4 warning signs your culture is eating your organisation for breakfast, lunch and dinner
Peter Drucker once commented that culture eats strategy for breakfast. In truth, it eats everything else in its path – for if culture determines structure, structure determines strategy, and strategy determines function, then culture basically eats it all for breakfast, lunch and dinner. An organisation’s culture evolves over time, guided by the actions of the few at the top. These few can include founders, owners, or long-term senior employees. For example, Singaporeans have a “kiasu” mentality – a culture of not wanting to be left out or to lose out. Some people say that it is mirrored around Mr Lee Kuan Yew’s mindset, in his desire to not want to lose when he entered politics, and then as he guided Singapore through its growth trajectory. Singapore is what it is because of Mr Lee, and of his somewhat-kiasu mentality. Is it a wonder that Singaporeans are now somewhat kiasu too? Culture is not necessarily a bad thing, but when it turns nasty, a whole organisation can be easily brought down. In this article, I shall talk about 4 warning signs that your culture is about to eat you out of house and home, and if nothing is done to change that, you might soon be out in the cold!
1. High degree of centrality
When there is a high degree of centrality, decisions are made by only a few people. When this happens, one cannot move without having someone else look over their shoulder. Decisions are questioned and there is a sense that no idea will fly unless it is created, or cleared, by higher-ups. This will make the whole organisation grind to a halt. If you find that even your boss is disempowered because of the centrality of decision-making, it is a sign that culture will eat your structure for lunch and dinner!
2. Countermanding office-bearers
Following on from the first sign, when you see senior office-bearers’ decisions being countermanded by the “central committee”, either directly in their face or in a more subversive way through lower-positioned employees, you know that there is no unity in senior management, and the organisation is not primed for growth. This culture disrespects the organisation’s structure, strategy, and function, despite all claims to be in support of it. And the telltale sign of this? High senior management turnover.
3. Lack of credibility
If the “central committee”has the habit of saying one thing and doing something else, they will very soon find themselves lacking credibility. This causes everyone in the organisation to distrust what is being said, with people resorting to using “black-and-white” to cover their tracks. There will be many “email wars”, and many more meetings because nobody wants, or is empowered, to make decisions. Yet during these meetings, discussions are usually carried out by the few, with the rest just waiting for the decision to be made, and instructions handed out. Nobody volunteers any ideas because they realise that these ideas will not count for much by the “central committee” which had already made up its mind long before the meeting was called. But even if there was a decision made at the meeting that was not aligned with the “central committee”, they will still disregard that and go ahead with their own ideas, disrespecting everyone at the meeting. Such meetings are therefore deemed farcical, resulting in even less credibility.
4. Treating people badly
If vendors are not being paid on time, if staff are owed their dues, if salaries are below market benchmarks, if human resources practices are exploitative, if blaming is how the “central committee” deals with issues, the organisation’s culture is eating itself out of house and home. People are the lifeblood of every organisation and if the company puts its own interests ahead of the people who support it, it would soon find no one left to shoulder the responsibilities outlined by the structure, and required by the strategy – both internally and externally. So while structure eats strategy, culture creams it all every time!

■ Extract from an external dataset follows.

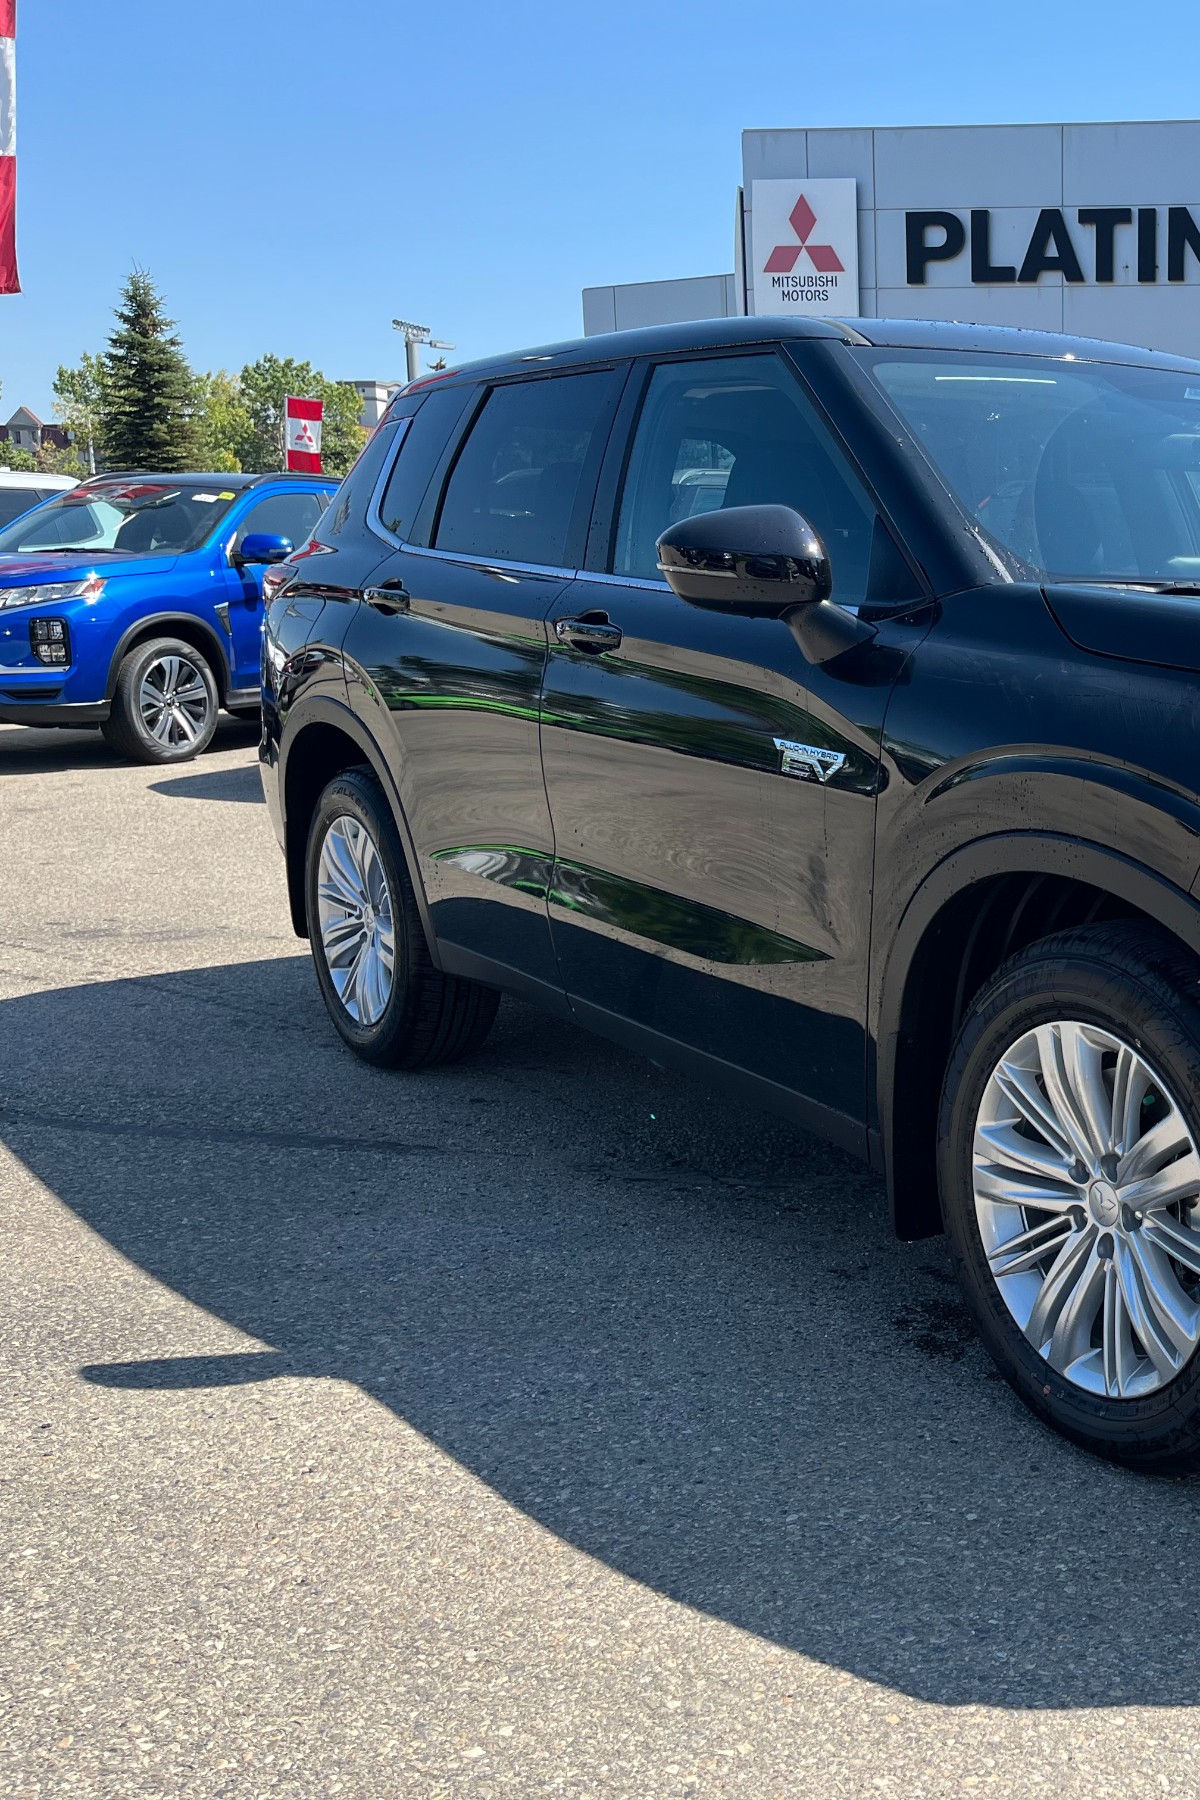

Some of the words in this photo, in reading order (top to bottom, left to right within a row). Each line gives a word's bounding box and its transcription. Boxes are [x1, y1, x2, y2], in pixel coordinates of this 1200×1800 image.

Drastic cultural change is required
If an organisation is displaying these signs, the odds are that there is no strategy, there is no structure, perhaps only perfunctory function - and a toxic culture. What needs to be done is to help the “central committee” get out of its controlling and fixed mindset, even moving them onto a separate structure, if necessary, where they can put their strengths to use. There is a need to design a new culture where everyone is respected, structure is supported, strategy is embraced, and performance is rewarded and celebrated, not just by word, but in deed as well, by all stakeholders. If this does not happen, the organisation may find itself out in the cold very quickly.